§ Work item: Strip out the pictures and transcribe the records that follow exactly.

Excerpts from a dataset:
Content starts
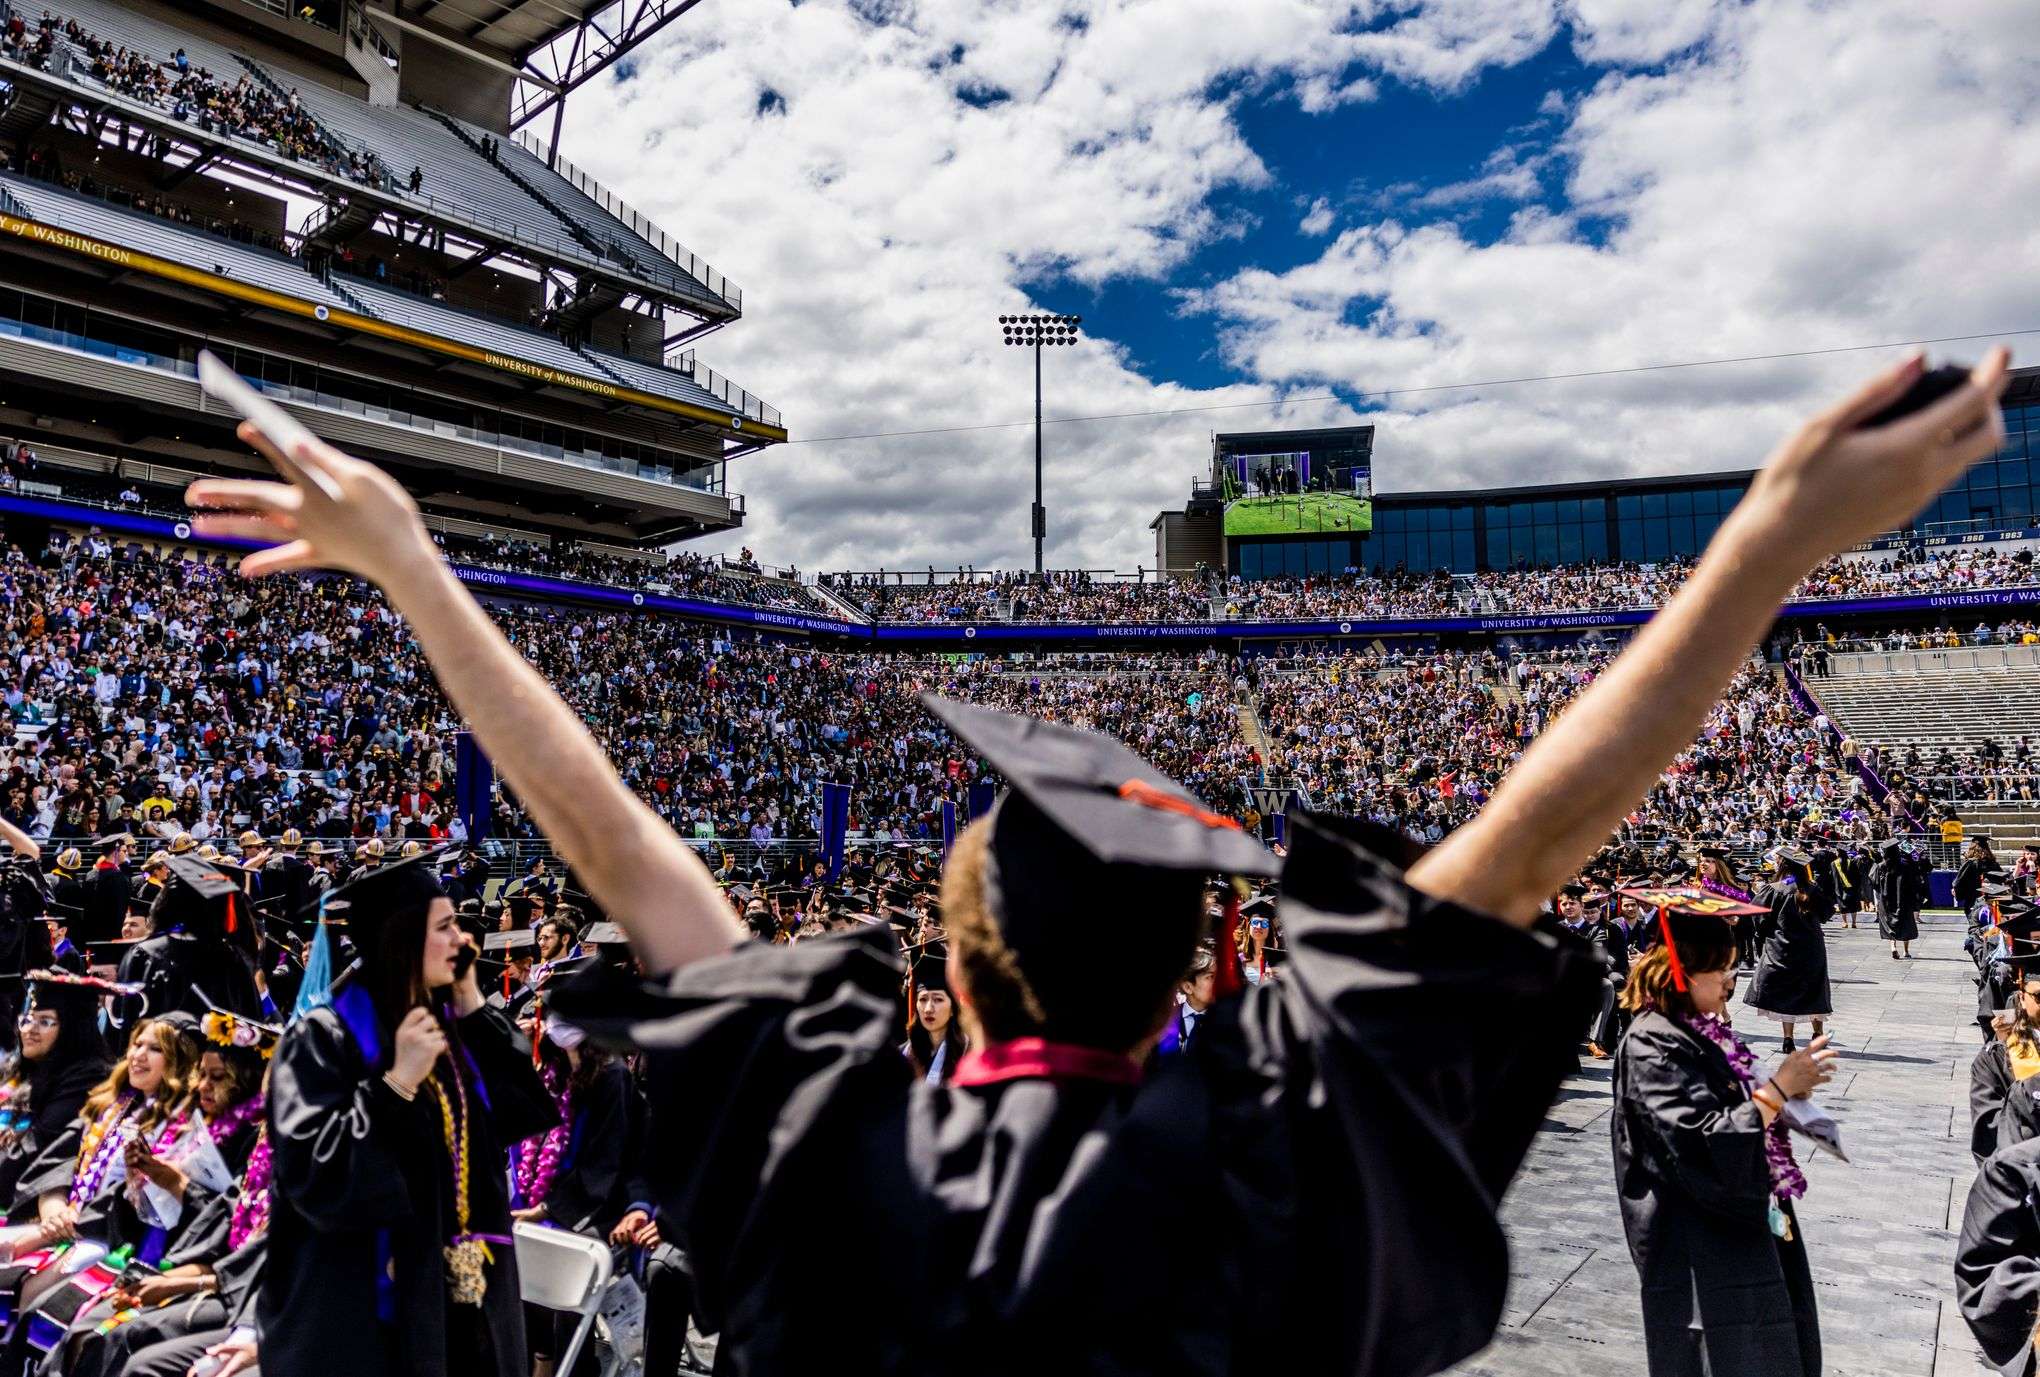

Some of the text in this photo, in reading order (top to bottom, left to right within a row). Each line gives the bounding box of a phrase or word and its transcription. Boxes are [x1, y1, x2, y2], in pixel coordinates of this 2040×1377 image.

[12, 222, 28, 236] of
[32, 225, 130, 263] WASHINGTON
[485, 353, 616, 395] UNIVERSITY of WASHINGTON
[1924, 538, 1947, 546] 1959
[1961, 535, 1984, 543] 1960
[1999, 531, 2023, 540] 1963
[1930, 593, 1999, 606] UNIVERSITY
[2003, 592, 2014, 604] of
[754, 611, 850, 633] UNIVERSITY of WASHINGTON
[1481, 615, 1616, 629] UNIVERSITY of WASHINGTON
[1097, 627, 1217, 637] UNIVERSITY of WASHINGTON
[1253, 791, 1290, 816] W
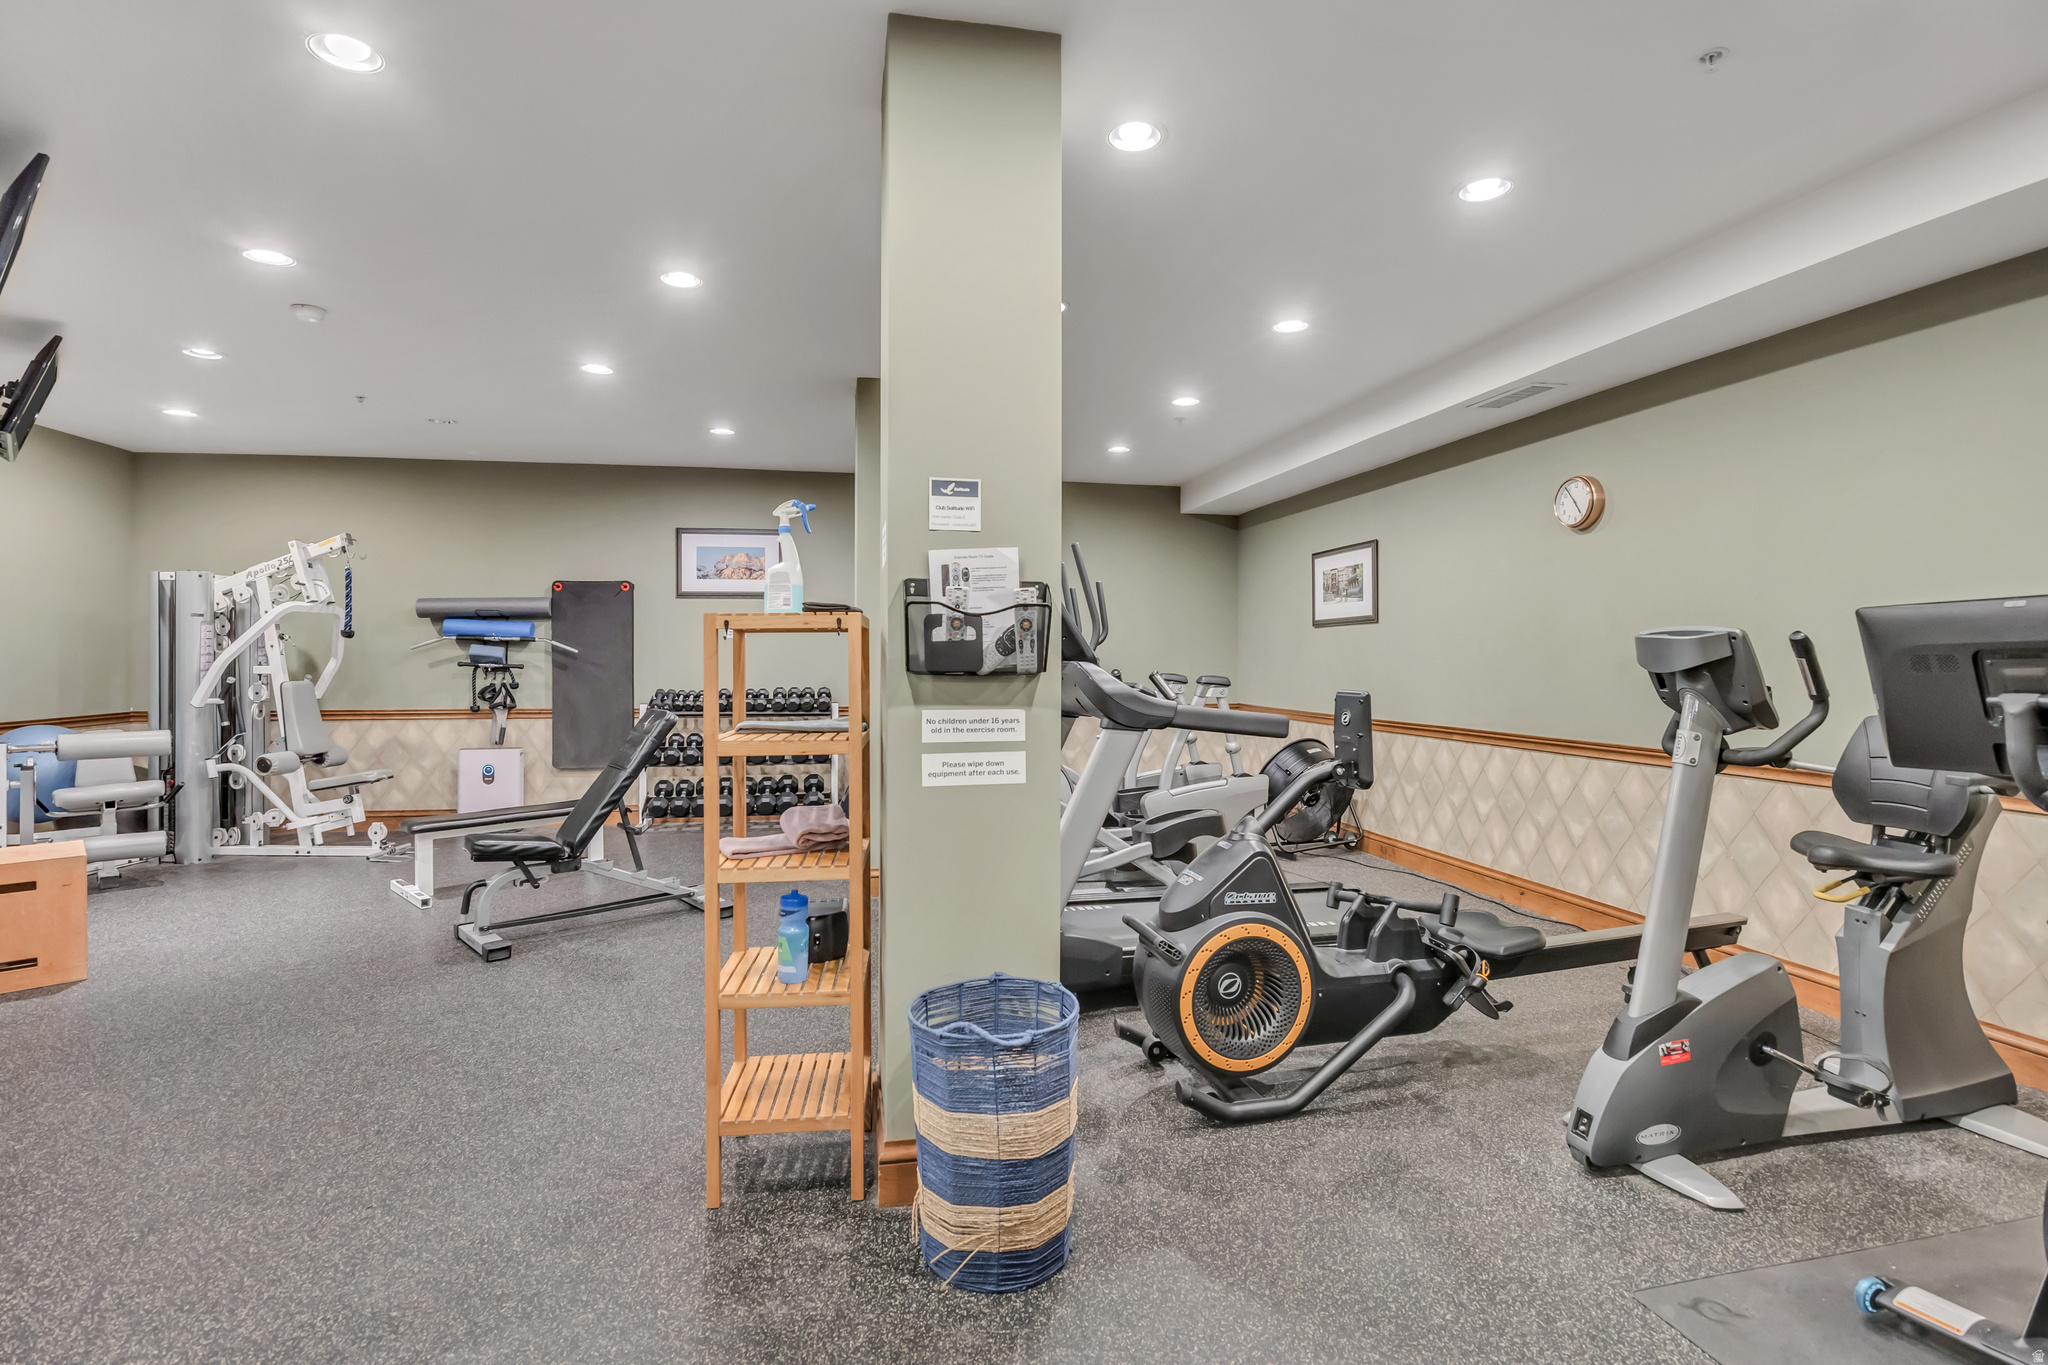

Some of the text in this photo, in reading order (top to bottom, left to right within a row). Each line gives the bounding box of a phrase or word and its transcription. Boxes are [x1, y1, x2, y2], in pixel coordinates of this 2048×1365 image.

[246, 563, 276, 579] Apollo
[927, 770, 967, 778] equipment
[1641, 1130, 1675, 1139] MATRIX
Content ends
§ Expected output:
Some of the text in this photo, in reading order (top to bottom, left to right within a row). Each line gives the bounding box of a phrase or word and its transcription. Boxes are [x1, y1, x2, y2], in pixel coordinates of this 2040×1377 image.

[12, 222, 28, 236] of
[32, 225, 130, 263] WASHINGTON
[485, 353, 616, 395] UNIVERSITY of WASHINGTON
[1924, 538, 1947, 546] 1959
[1961, 535, 1984, 543] 1960
[1999, 531, 2023, 540] 1963
[1930, 593, 1999, 606] UNIVERSITY
[2003, 592, 2014, 604] of
[754, 611, 850, 633] UNIVERSITY of WASHINGTON
[1481, 615, 1616, 629] UNIVERSITY of WASHINGTON
[1097, 627, 1217, 637] UNIVERSITY of WASHINGTON
[1253, 791, 1290, 816] W

Some of the text in this photo, in reading order (top to bottom, left to right within a row). Each line gives the bounding box of a phrase or word and its transcription. Boxes are [x1, y1, x2, y2], in pixel coordinates of this 2048×1365 image.

[246, 563, 276, 579] Apollo
[927, 770, 967, 778] equipment
[1641, 1130, 1675, 1139] MATRIX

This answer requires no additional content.